Background: Elevated serum alkaline phosphatase (AP) and γ-glutamyl transferase (γ-GT) are commonly observed in patients with acute pyelonephritis. The goal of this study was to examine the clinical significance of elevated serum AP and γ-GT levels and to explore the mechanisms underlying these changes.
Methods: We examined serum AP and γ-GT levels in 438 patients with acute pyelonephritis. Urine AP/creatinine (Cr), urine γ-GT/Cr, fractional excretion of AP, and fractional excretion of γ-GT (FE) were evaluated in patients with elevated and normal serum levels. AP isoenzymes were also examined.

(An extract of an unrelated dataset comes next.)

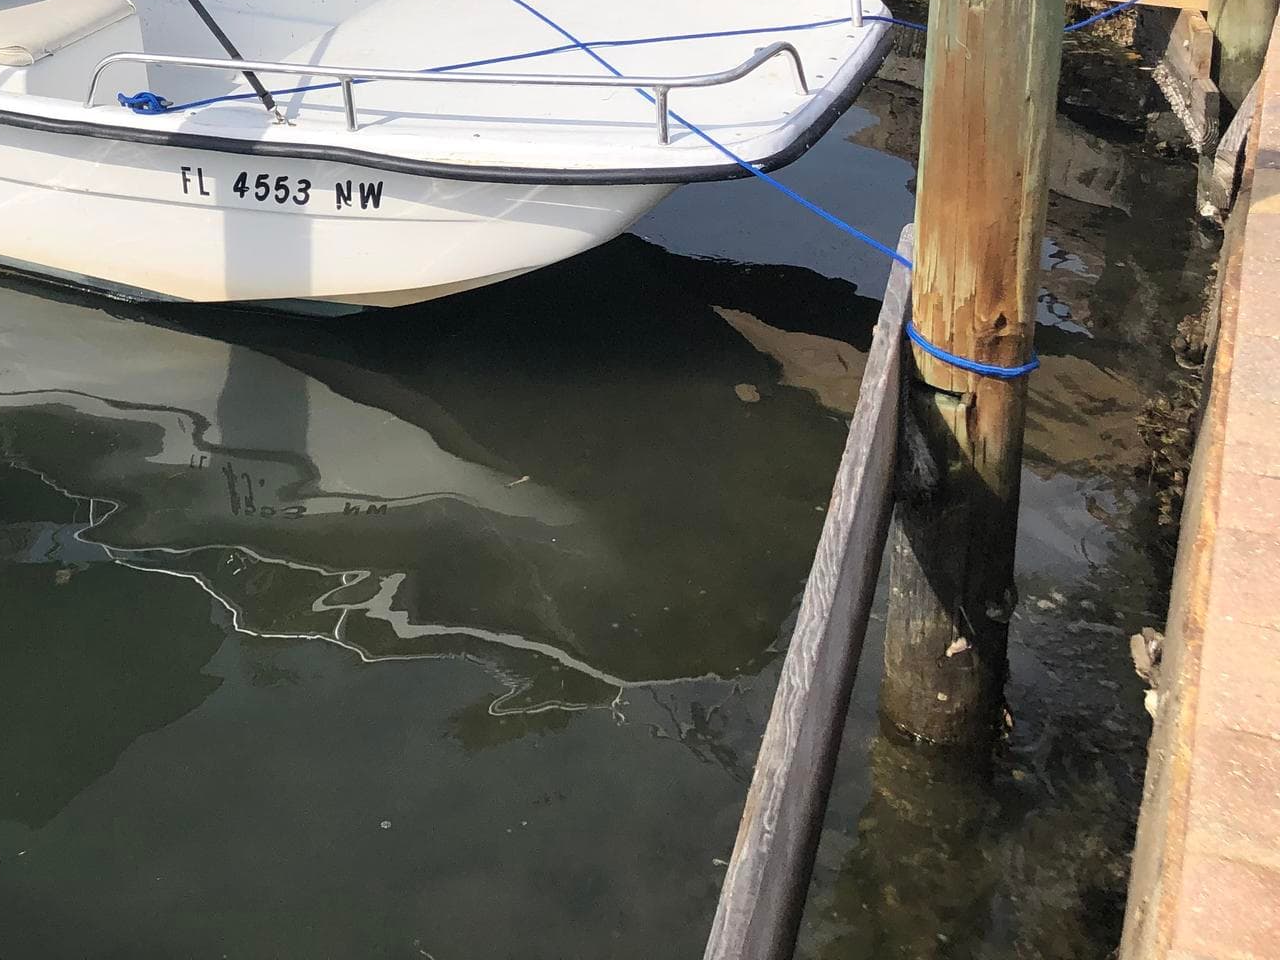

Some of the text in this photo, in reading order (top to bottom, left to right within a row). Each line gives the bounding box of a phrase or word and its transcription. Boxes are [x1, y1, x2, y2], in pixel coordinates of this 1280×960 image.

[181, 166, 384, 210] FL 4553 NW

Results: We identified 77 patients (17.6%) with elevated serum AP and 134 patients (30.6%) with elevated serum γ-GT. Among them, both enzymes were elevated in 64 patients (14.6%). Older age, longer hospital stay, elevated baseline serum Cr, and complicated pyelonephritis were associated with increases in serum AP and γ-GT. Multivariate analysis showed that high serum AP levels were significantly correlated with renal impairment (odds ratio, 2.13; 95% confidence interval, 1.08-4.19; = 0.029). FE was significantly lower in patients with elevated serum enzyme levels. The liver fraction for AP isoenzyme profile did not increase in patients with elevated serum AP.
Conclusion: Our results demonstrated that elevated serum AP and γ-GT levels are associated with complicated pyelonephritis and renal impairment. Lower FE levels in patients with elevated serum enzymes may be the result of decreased urinary excretion of these enzymes.